There have been some hard things in my life, as there have been in yours, and I cannot say to you, “I know exactly what you’re going through!” But I can say that I know the One who knows.
If we don’t ever want to suffer, we must be very careful never to love anything or anybody.
We often hear Job called a patient man but if you read the book of Job, you won’t really find a lot of evidence that he was patient. Yet he never doubted that God existed and he said some of the very worst things that could possibly be said about God. And isn’t it interesting that the Spirit of God preserved those things for you and me? God is big enough to take anything that we can dish out to Him. He even saw to it that Job’s howls and complaints were preserved in black and white for our instruction. So never hesitate to say to God what you really think and feel, because remember that God knows what you think before you know and He knows what you’re gong to say before you even think it.
I have never thanked God for the cancer that took my second husband. I have never thanked God specifically that Indians murdered my first husband. I don’t think I need to thank God for either cancer or murder. But I do need to thank God because in the midst of every situation, the world was still in His hands.

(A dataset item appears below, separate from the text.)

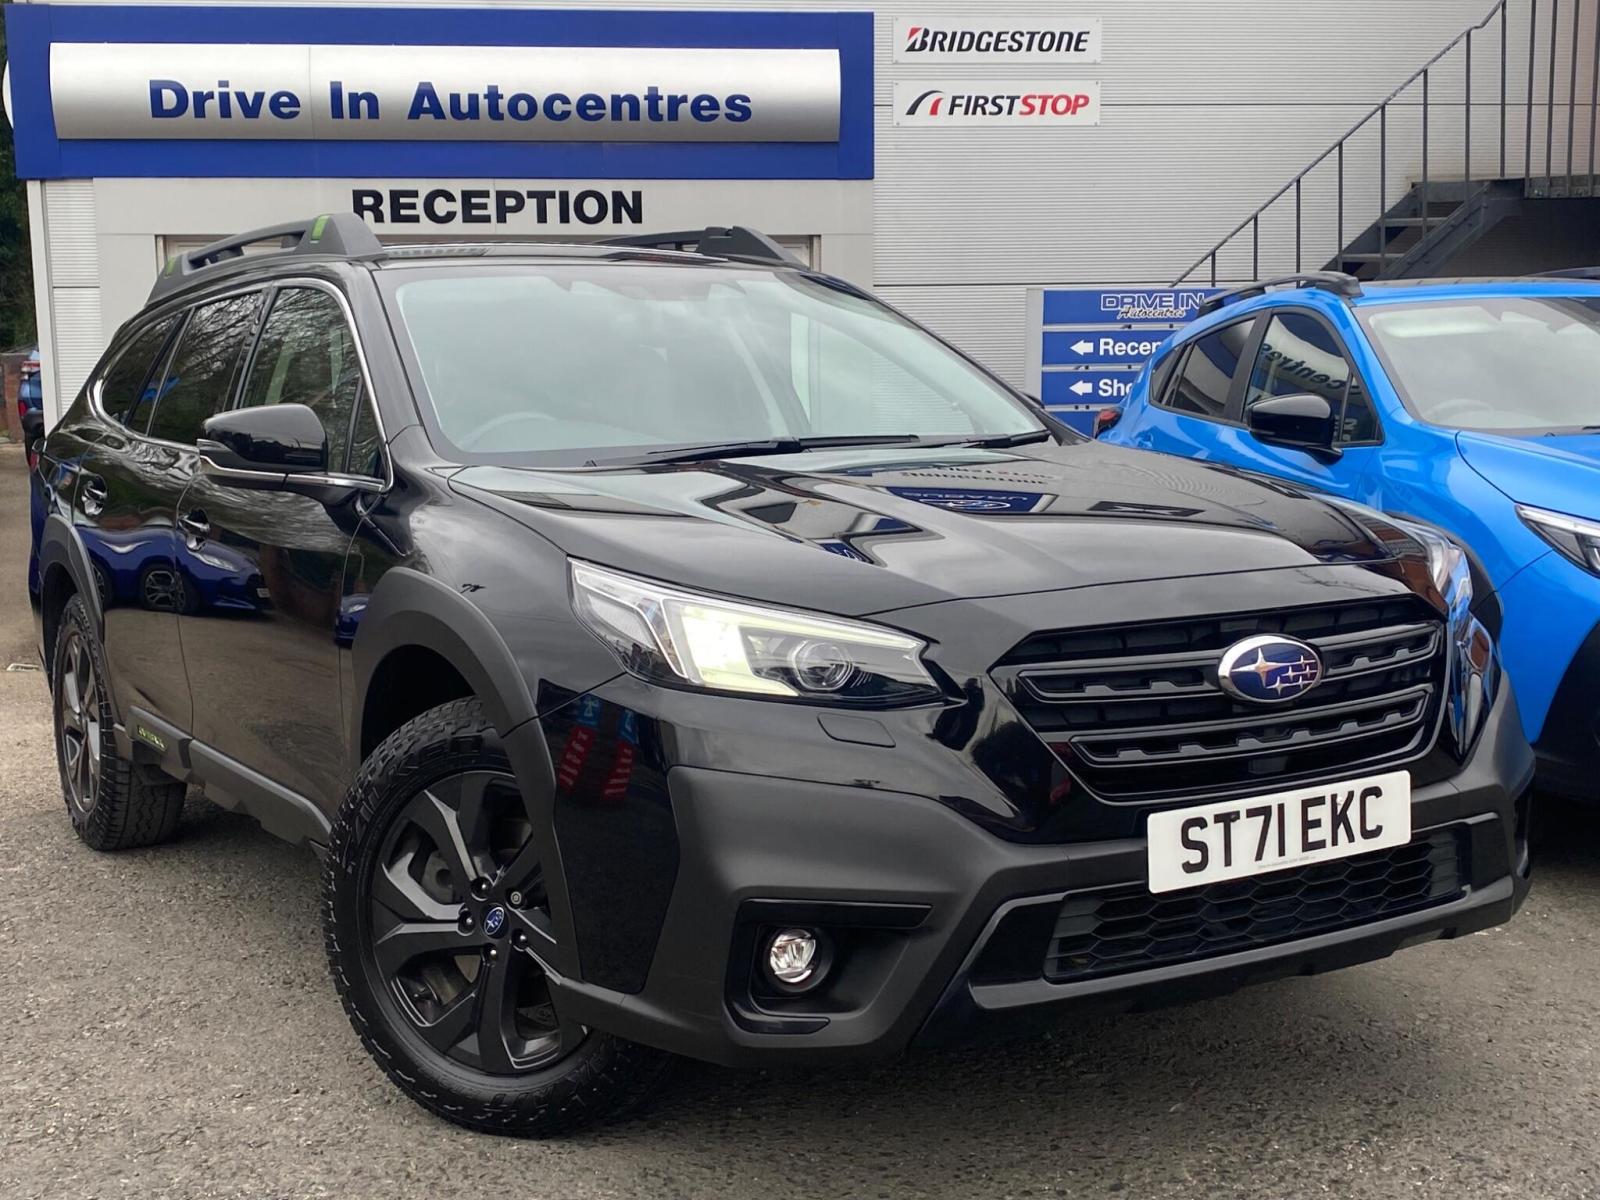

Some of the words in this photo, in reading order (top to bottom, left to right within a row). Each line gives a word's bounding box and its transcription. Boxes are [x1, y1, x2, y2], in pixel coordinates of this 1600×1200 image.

Who are the people who have most profoundly influenced your life? Without a doubt, those who have most profoundly influenced my life have been ones who suffered. It was in that very suffering that God refined the gold, tempered the steel, molded the pot and broke the bread that made the person into something that feeds a multitude, of whom I have been one of the beneficiaries.
I don’t know any simpler formula for peace, for relief from stress and anxiety, than this practical, down-to-earth word of wisdom: Do the next thing! That has gotten me through more agonies than anything else I could recommend.
A principle for handling suffering is that of the cross: Life comes out of death. I bring God my sorrows and He gives me His joy. I bring Him my losses and He gives me His gains. I bring Him my sins, He gives me His righteousness. I bring Him my deaths and He gives me His life. But the only reason God can give me His life is because He gave me His death.
Features of the Book that I Appreciate
Bible centered. Elisabeth cites numerous texts that deal with suffering of God’s people. In addition to her reflections on the book of Job, her citation of these texts ministered to me: Psalms 46 and 91; 2 Corinthians 12:9-10; Isaiah 58:10-11; Hebrews 11; Philippians 1:29, and Revelation 7:16-17. Her commentary on Isaiah 55:22 is especially meaningful: “Cast your burden on the Lord and He shall sustain you.” She wrote, “To my amazement and delight I discovered that the word burden in the Hebrew is the same word as the word for gift. This is a transforming truth for me. If I thank God for this very thing that is killing me, I begin to dimly and faintly see it as a gift.”
Quotes from Other Authors. Throughout the book, Elisabeth intersperses her own reflections with statements from highly respected writers: C. S. Lewis, F. W. H. Meyer, Samuel Rutherford, Richard Baxter, Amy Carmichael, Fanny Crosby, George Mathison, and Corrie Ten Boom among them. In some cases, Elisabeth shares anecdotes about those writers which show their own experience of suffering.
Transparency. Elisabeth discusses the hard questions that roiled around in her mind and tells how the truths that comforted her were learned the hard way. You don’t get the impression that she’s offering cursory, unenlightened counsel.
After reading this book, Joni Eareckson Tada said, “Although our friend (Elisabeth) is now in heaven, we have a collection of fresh, insightful words from her that nourish us. This book is a wonderful portfolio of her ponderings on suffering, and as you peruse each page, imagine Elisabeth looking over your shoulder from the grandstands of heaven, encouraging you to embrace the Lord Jesus in your afflictions.”